Image-backed grounding data
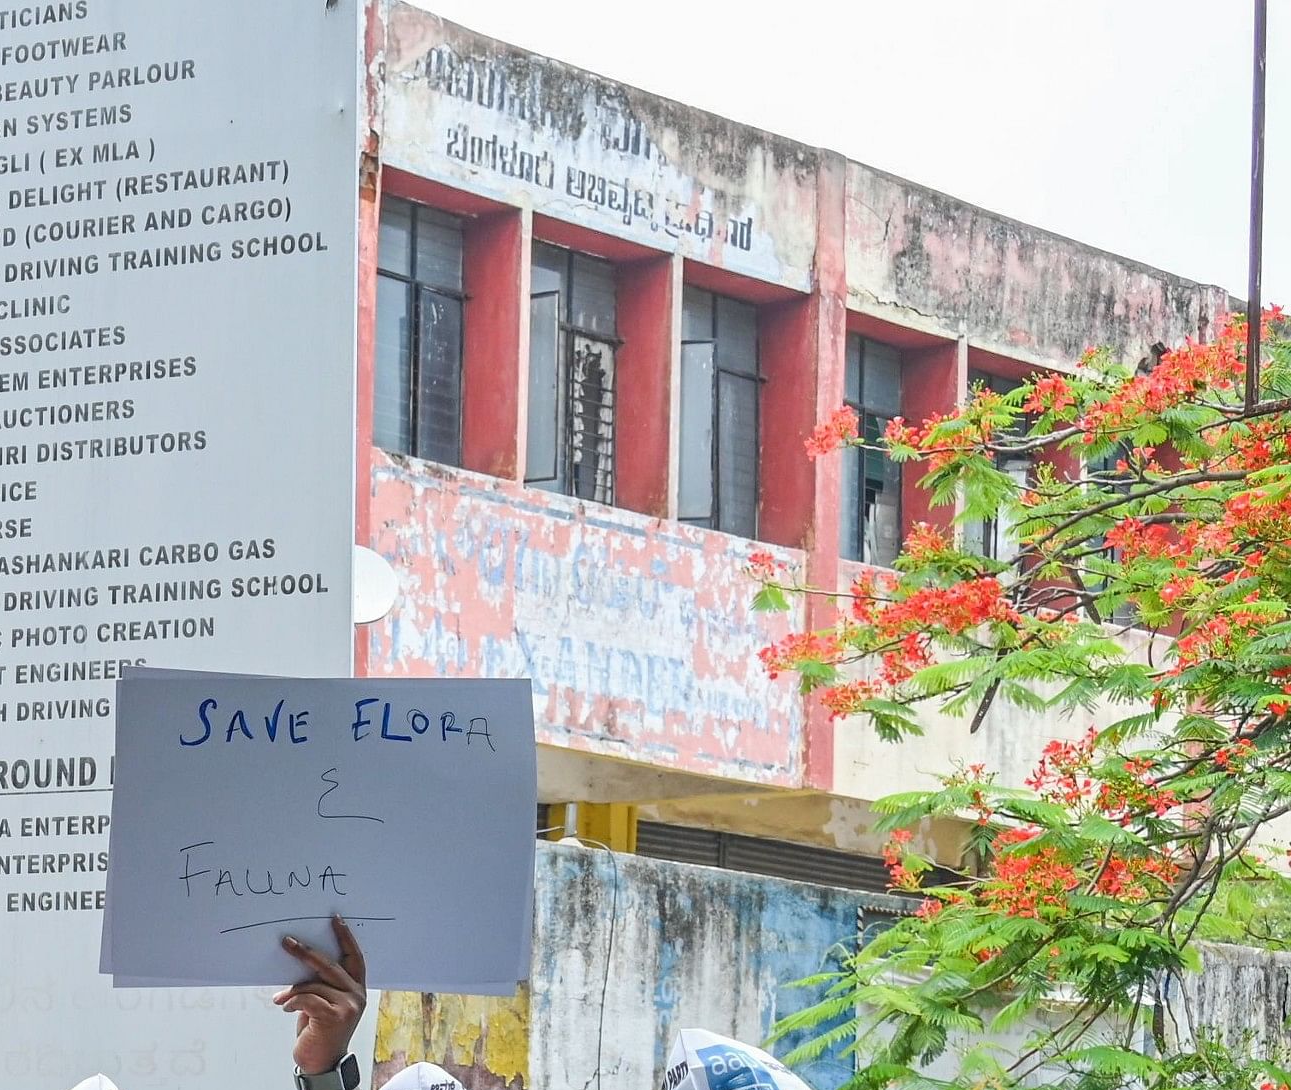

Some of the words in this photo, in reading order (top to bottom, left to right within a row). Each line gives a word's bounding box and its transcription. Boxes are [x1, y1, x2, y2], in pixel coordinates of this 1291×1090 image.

[2, 32, 126, 65] FOOTWEAR
[89, 60, 195, 91] PARLOUR
[27, 104, 131, 134] SYSTEMS
[9, 180, 106, 209] DELIGHT
[116, 160, 288, 202] (RESTAURANT)
[26, 215, 135, 249] (COURIER
[144, 208, 191, 231] AND
[202, 197, 291, 225] CARGO)
[5, 255, 98, 282] DRIVING
[108, 242, 221, 271] TRAINING
[232, 232, 327, 259] SCHOOL
[39, 356, 196, 389] ENTERPRISES
[37, 431, 206, 463] DISTRIBUTORS
[140, 542, 218, 566] CARBO
[229, 539, 275, 560] GAS
[4, 587, 98, 611] DRIVING
[108, 579, 221, 605] TRAINING
[231, 574, 328, 597] SCHOOL
[12, 625, 87, 647] PHOTO
[97, 617, 214, 642] CREATION
[17, 698, 109, 721] DRIVING
[179, 697, 309, 746] SAVE
[178, 840, 348, 898] FAUNA
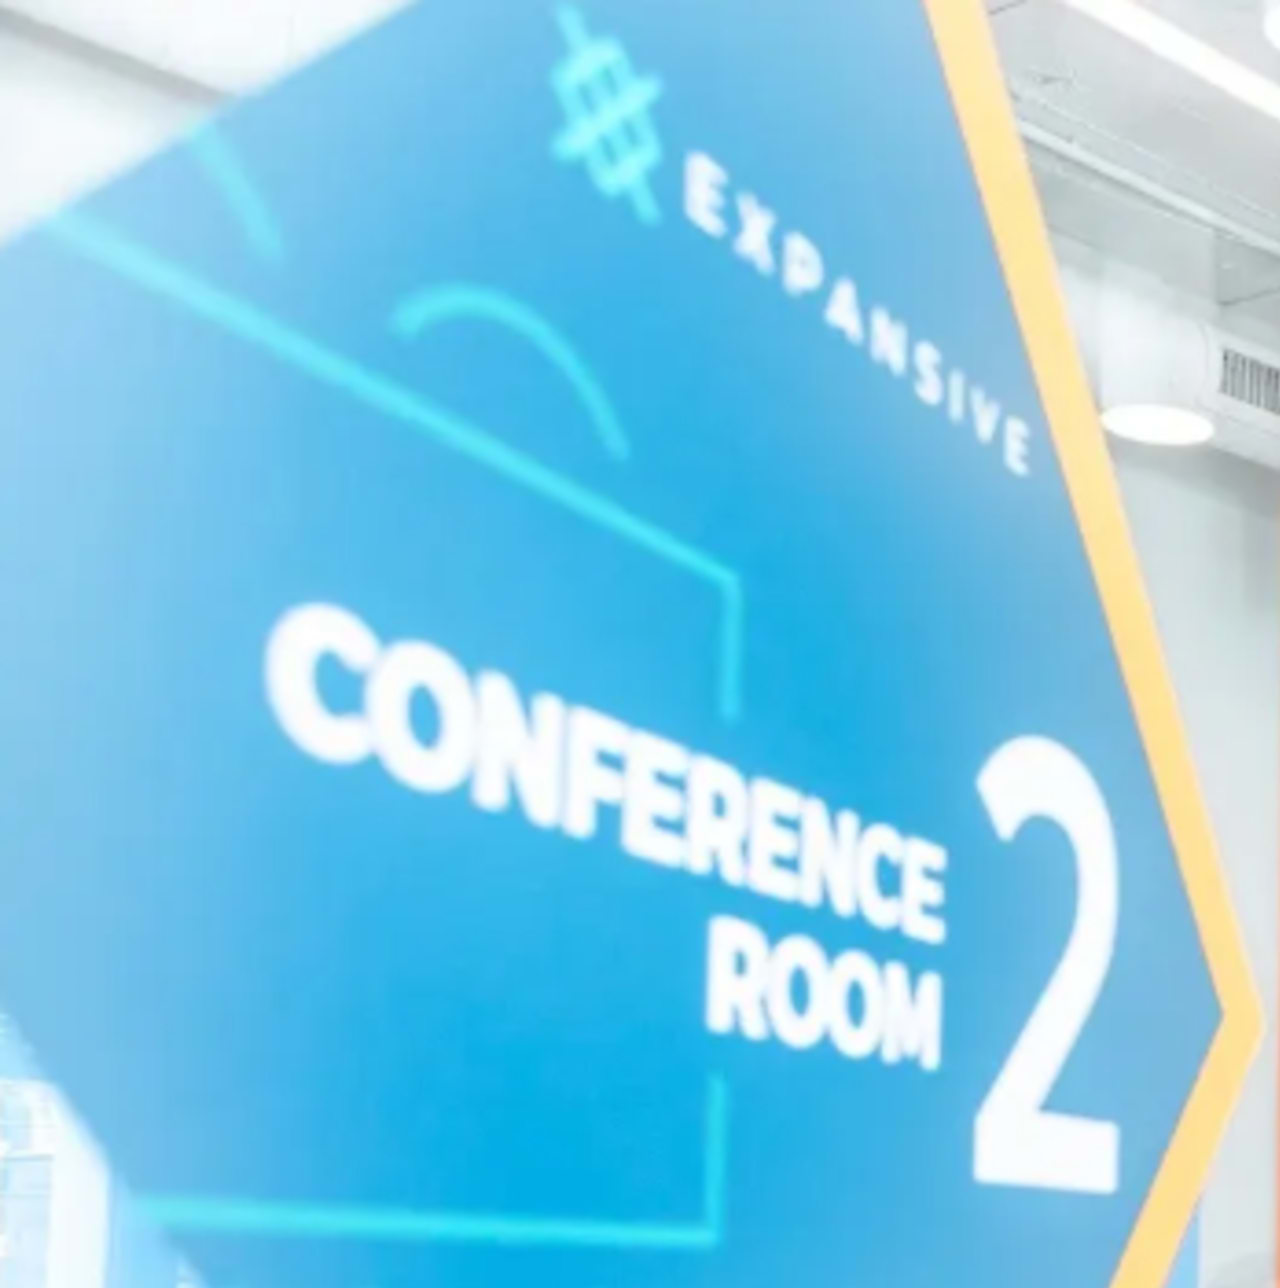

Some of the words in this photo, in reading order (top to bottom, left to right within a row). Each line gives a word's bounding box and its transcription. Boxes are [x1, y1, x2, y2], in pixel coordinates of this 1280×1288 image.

[686, 153, 1030, 475] EXPANSIVE
[265, 603, 945, 943] CONFERENCE
[706, 916, 942, 1069] ROOM
[974, 735, 1119, 1195] 2

§ **What this task involves**
The expected output is every line of the data, unchanged, with the pictures skipped.

§ **Answer for this exercise**
Some of the words in this photo, in reading order (top to bottom, left to right within a row). Each line gives a word's bounding box and its transcription. Boxes are [x1, y1, x2, y2], in pixel coordinates of this 1291×1090 image.

[2, 32, 126, 65] FOOTWEAR
[89, 60, 195, 91] PARLOUR
[27, 104, 131, 134] SYSTEMS
[9, 180, 106, 209] DELIGHT
[116, 160, 288, 202] (RESTAURANT)
[26, 215, 135, 249] (COURIER
[144, 208, 191, 231] AND
[202, 197, 291, 225] CARGO)
[5, 255, 98, 282] DRIVING
[108, 242, 221, 271] TRAINING
[232, 232, 327, 259] SCHOOL
[39, 356, 196, 389] ENTERPRISES
[37, 431, 206, 463] DISTRIBUTORS
[140, 542, 218, 566] CARBO
[229, 539, 275, 560] GAS
[4, 587, 98, 611] DRIVING
[108, 579, 221, 605] TRAINING
[231, 574, 328, 597] SCHOOL
[12, 625, 87, 647] PHOTO
[97, 617, 214, 642] CREATION
[17, 698, 109, 721] DRIVING
[179, 697, 309, 746] SAVE
[178, 840, 348, 898] FAUNA

Some of the words in this photo, in reading order (top to bottom, left to right within a row). Each line gives a word's bounding box and its transcription. Boxes are [x1, y1, x2, y2], in pixel coordinates of this 1280×1288 image.

[686, 153, 1030, 475] EXPANSIVE
[265, 603, 945, 943] CONFERENCE
[706, 916, 942, 1069] ROOM
[974, 735, 1119, 1195] 2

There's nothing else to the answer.